Huang has dual Taiwanese and American citizenship. During his time at AMD in 1984, Huang, who grew up speaking Taiwanese Hokkien, began learning Mandarin Chinese in order to communicate with Chinese photomask workers employed at the company. He has said that he learned the language phonetically through regular conversations with his co-workers. He makes frequent visits back to Taiwan.

Huang and Taiwanese billionaire Charles Liang, co-founder of Supermicro, are longtime friends. Both companies were established in 1993 and have collaborated on products, with the latter utilizing Nvidia AI chips in its servers. Huang is also a close friend of TSMC founder Morris Chang.

Huang got a tattoo of an abstract version of the Nvidia logo when the company's stock price hit US$100, which he first publicly showed at the 2010 GPU Technology Conference. The Times of India described the tattoo, along with the black leather jacket he is frequently wearing, as "his signature style".

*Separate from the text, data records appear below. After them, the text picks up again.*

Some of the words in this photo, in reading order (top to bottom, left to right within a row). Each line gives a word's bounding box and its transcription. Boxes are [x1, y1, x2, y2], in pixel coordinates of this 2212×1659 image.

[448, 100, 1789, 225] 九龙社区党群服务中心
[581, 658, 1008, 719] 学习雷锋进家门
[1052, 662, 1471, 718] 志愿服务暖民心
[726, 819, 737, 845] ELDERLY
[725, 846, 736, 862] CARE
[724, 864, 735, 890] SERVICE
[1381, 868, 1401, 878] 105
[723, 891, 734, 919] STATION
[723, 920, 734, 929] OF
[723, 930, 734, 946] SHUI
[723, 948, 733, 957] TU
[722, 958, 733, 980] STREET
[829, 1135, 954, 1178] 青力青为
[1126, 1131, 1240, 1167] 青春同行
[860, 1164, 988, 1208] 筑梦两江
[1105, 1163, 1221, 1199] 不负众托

In an interview with Ezra Klein for The New York Times, Huang said in the context of offloading human skills to technology that he does not remember his own address, ZIP code, or phone number and he can live with it.

== Philanthropy ==
Jensen Huang and his wife, Lori Huang, established the Jen-Hsun & Lori Huang Foundation in 2007 and donated $330 million of Nvidia shares. The foundation's assets, primarily Nvidia shares, have significantly appreciated, reaching a value exceeding $12 billion as of late 2025, placing it among the largest private foundations in the United States. Approximately two-thirds of its grants are allocated to donor-advised funds, including the GeForce Fund at Schwab Charitable. In June 2025, the Huangs contributed an additional $60 million in Nvidia stock to the foundation.

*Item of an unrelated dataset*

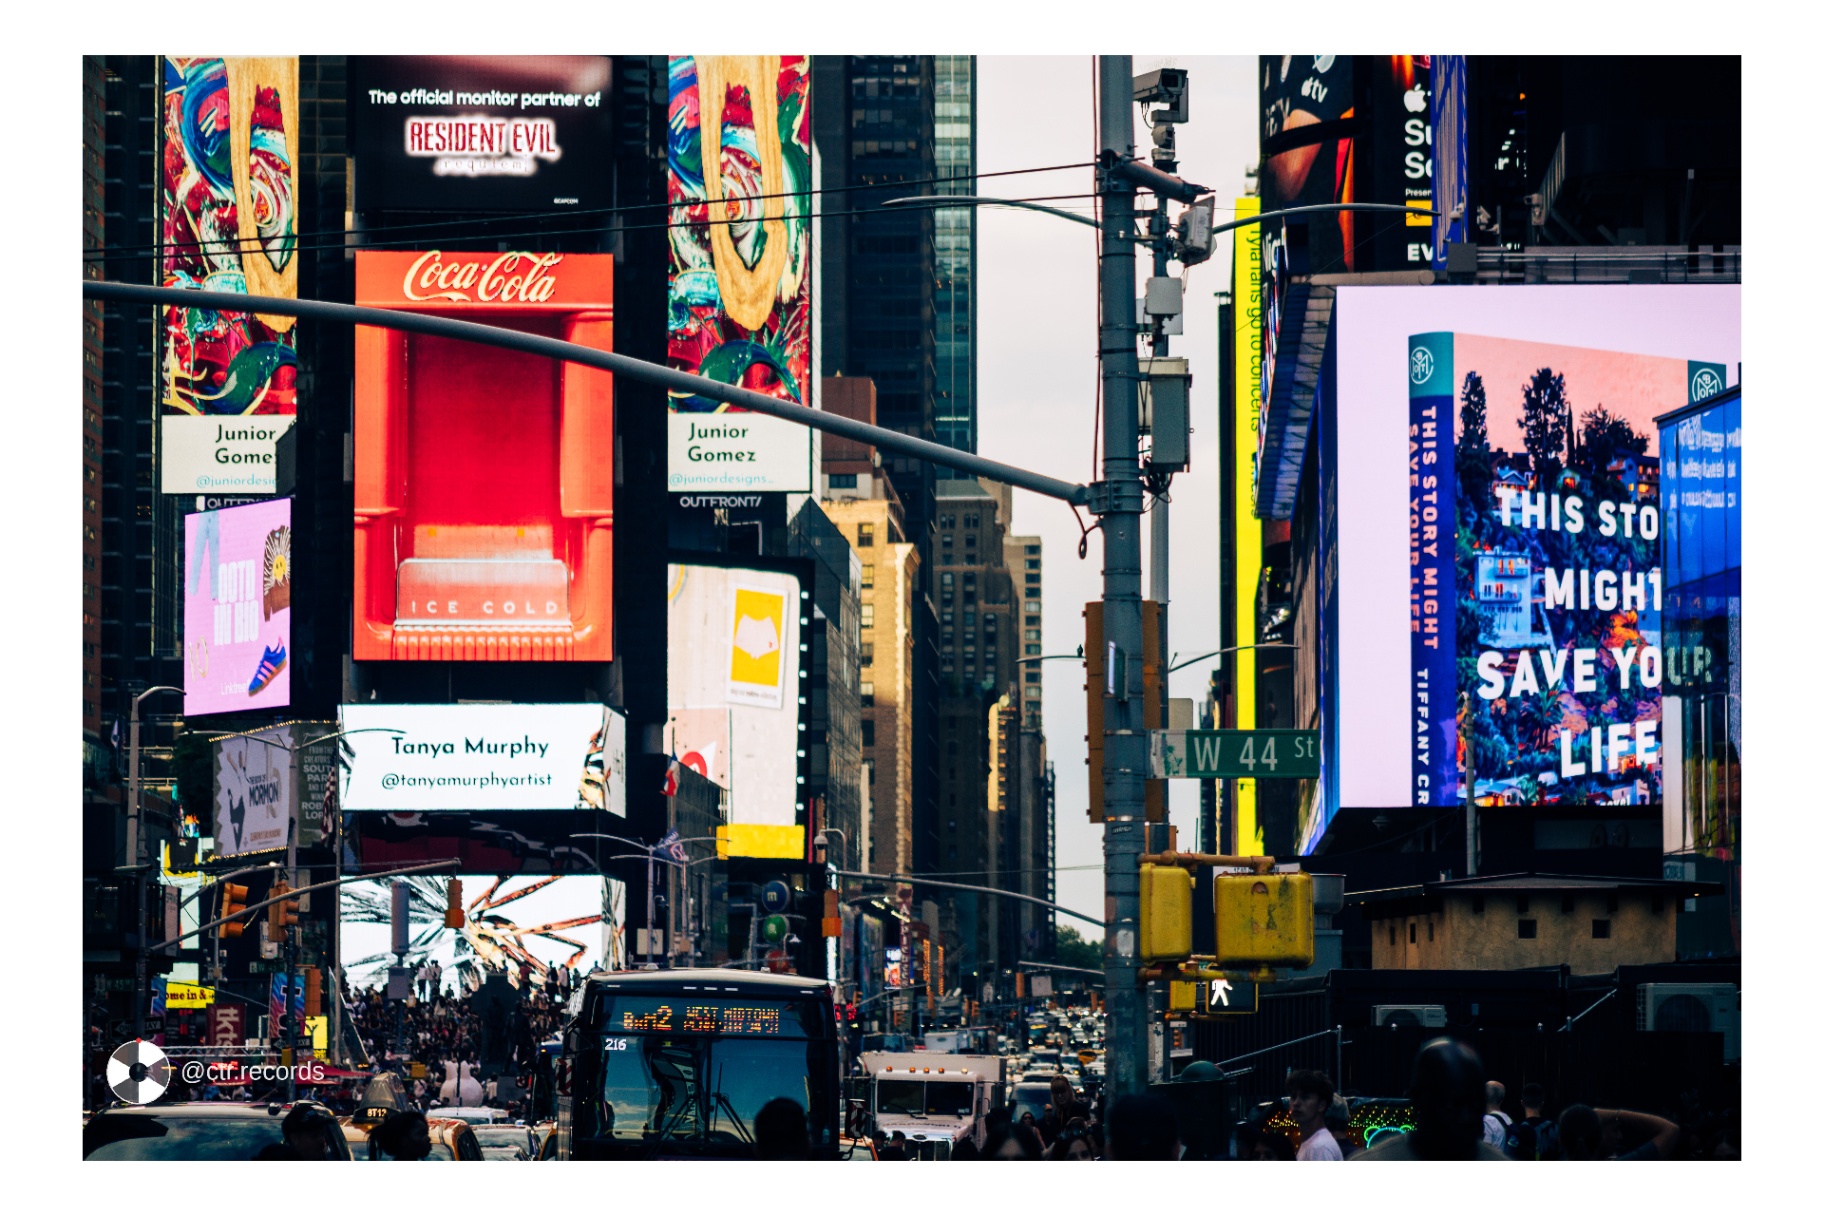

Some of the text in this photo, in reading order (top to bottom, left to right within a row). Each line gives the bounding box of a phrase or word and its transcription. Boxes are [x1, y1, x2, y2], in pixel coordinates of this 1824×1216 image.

On October 14, 2022, Jensen and Lori Huang donated $50 million toward a new $213 million research and education center at Oregon State University. The center will house one of the nation's most powerful supercomputers, built around Nvidia's DGX SuperPOD and OVX SuperPOD systems, giving faculty the computing power to tackle complex research problems. Waste heat from the system's cooling will be repurposed to heat more than 500,000 square feet of building space on OSU's Corvallis Campus.

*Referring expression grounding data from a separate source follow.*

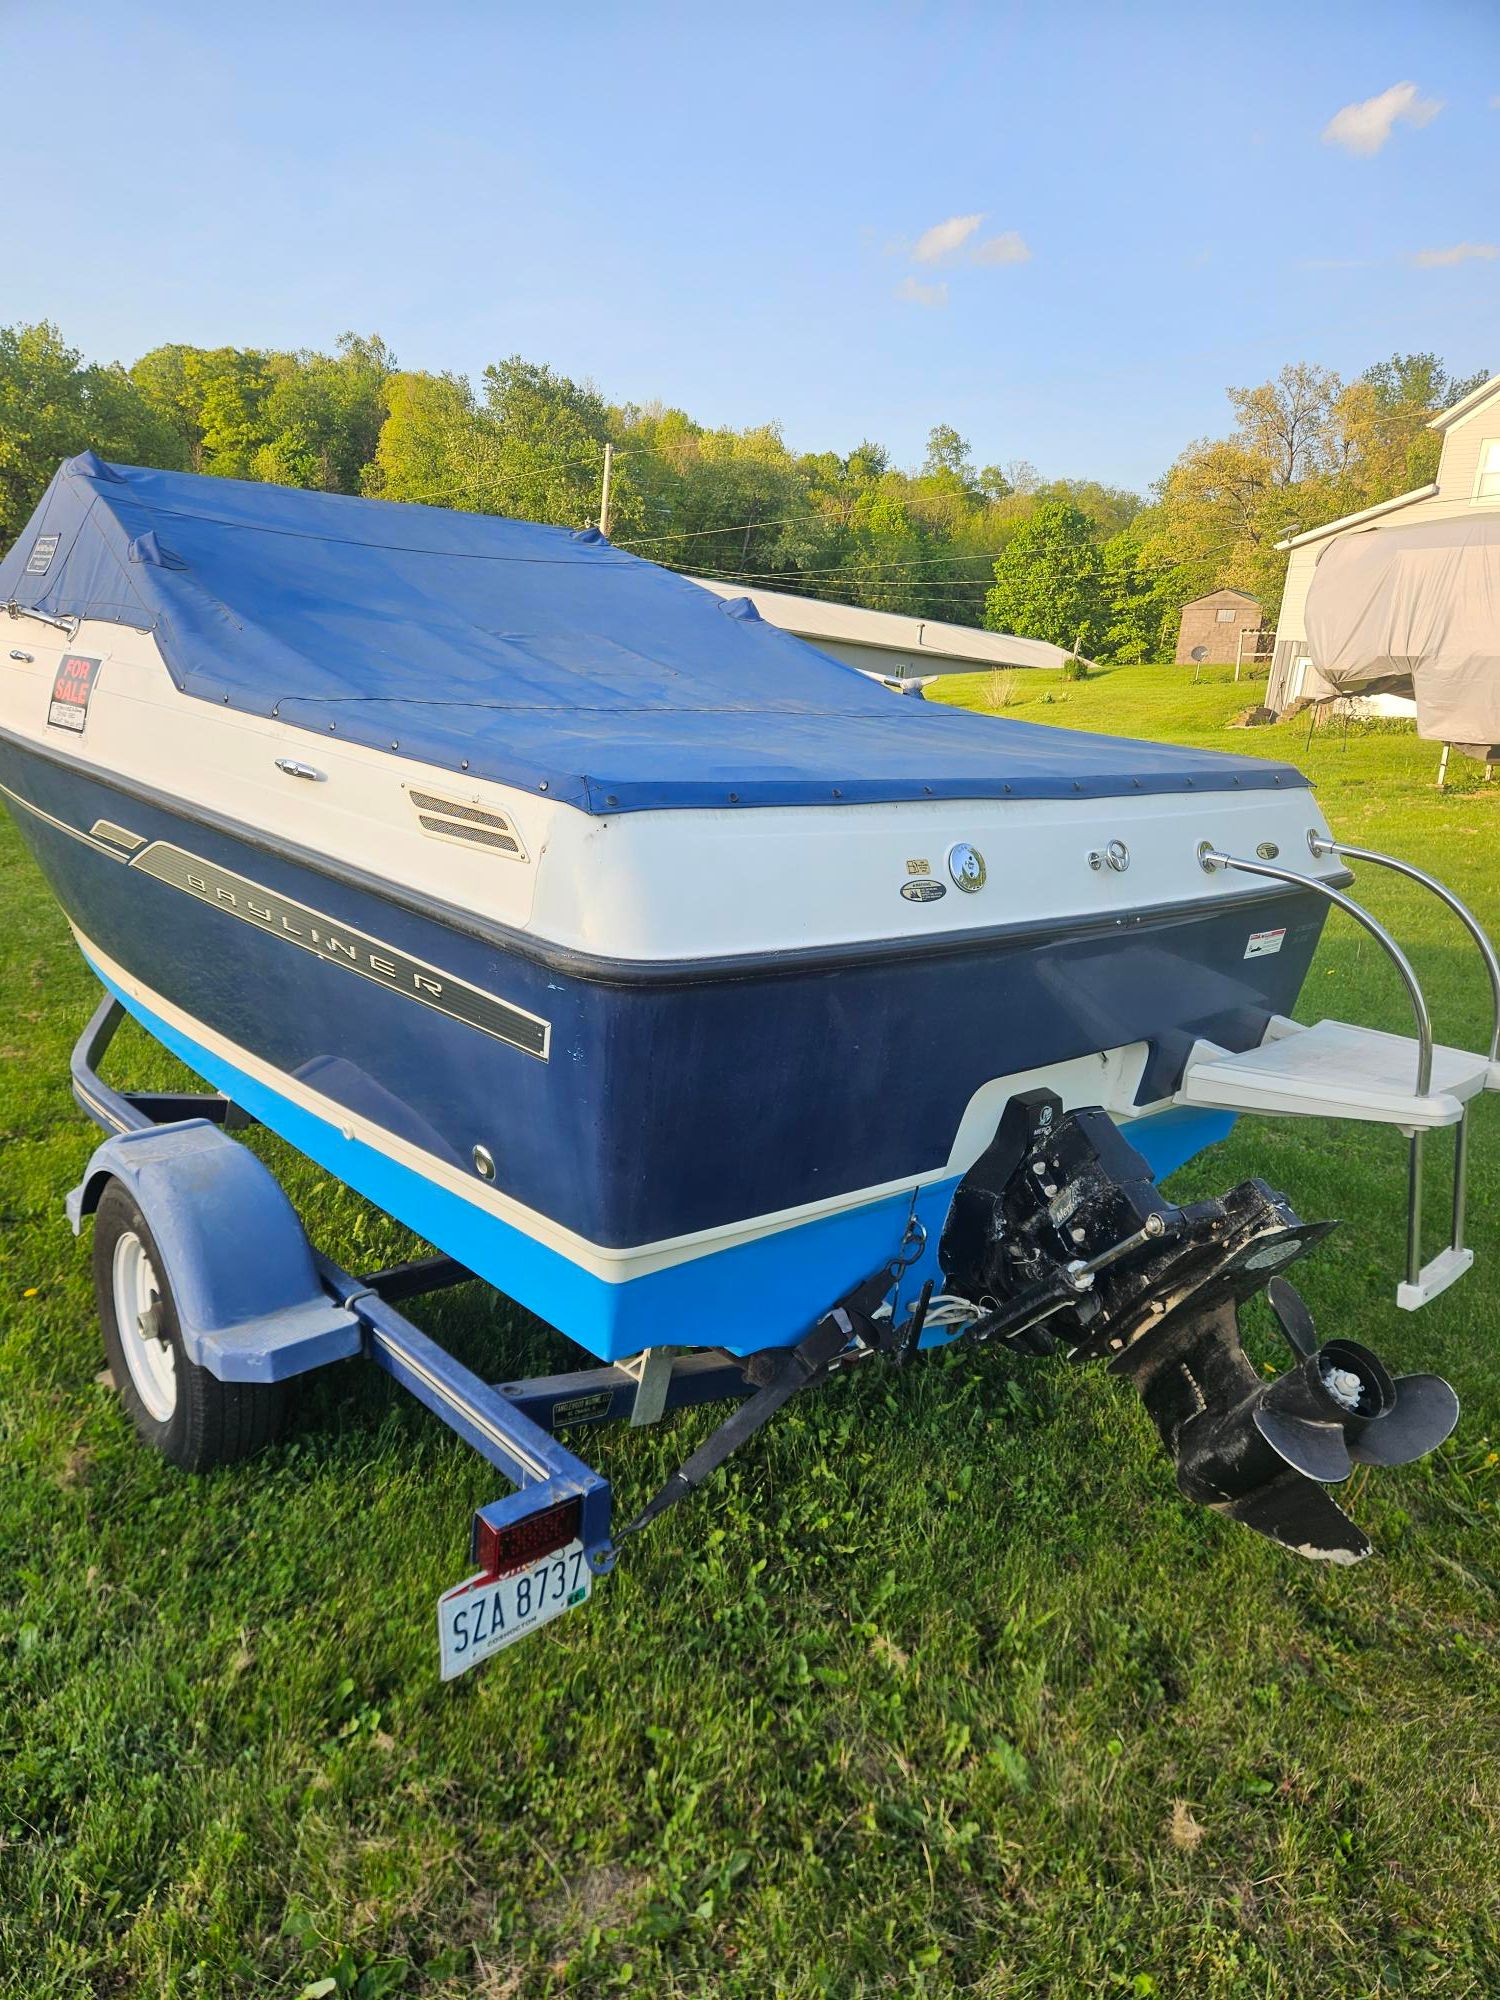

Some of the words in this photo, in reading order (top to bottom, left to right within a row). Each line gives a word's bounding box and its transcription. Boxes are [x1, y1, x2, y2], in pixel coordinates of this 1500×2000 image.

[54, 682, 90, 705] SALE
[64, 659, 91, 680] FOR
[186, 873, 443, 999] BAYLINER
[453, 1592, 505, 1653] SZA
[516, 1551, 583, 1618] 8737

In early 2025, the foundation matched a $22.5 million fundraising effort by the California College of the Arts, contributing an equivalent amount to complete a $45 million campaign to address the institution's financial deficits and enrollment challenges, marking one of the largest individual gifts in the college's history. The foundation has also provided grants ranging from five to six figures to organizations including the Monterey Bay Aquarium, the Law Foundation of Silicon Valley, the Tides Center, the B612 Foundation, AI4ALL (promoting diversity in artificial intelligence), and Mental Health Innovations (developing technology-based mental health solutions). In accordance with Internal Revenue Service regulations for private foundations, the foundation disbursed $123 million in 2024 and was projected to distribute $369 million in 2025.

In 2026, Huang donated $10 million to relief efforts for the 2026 Nepal–Tibet floods.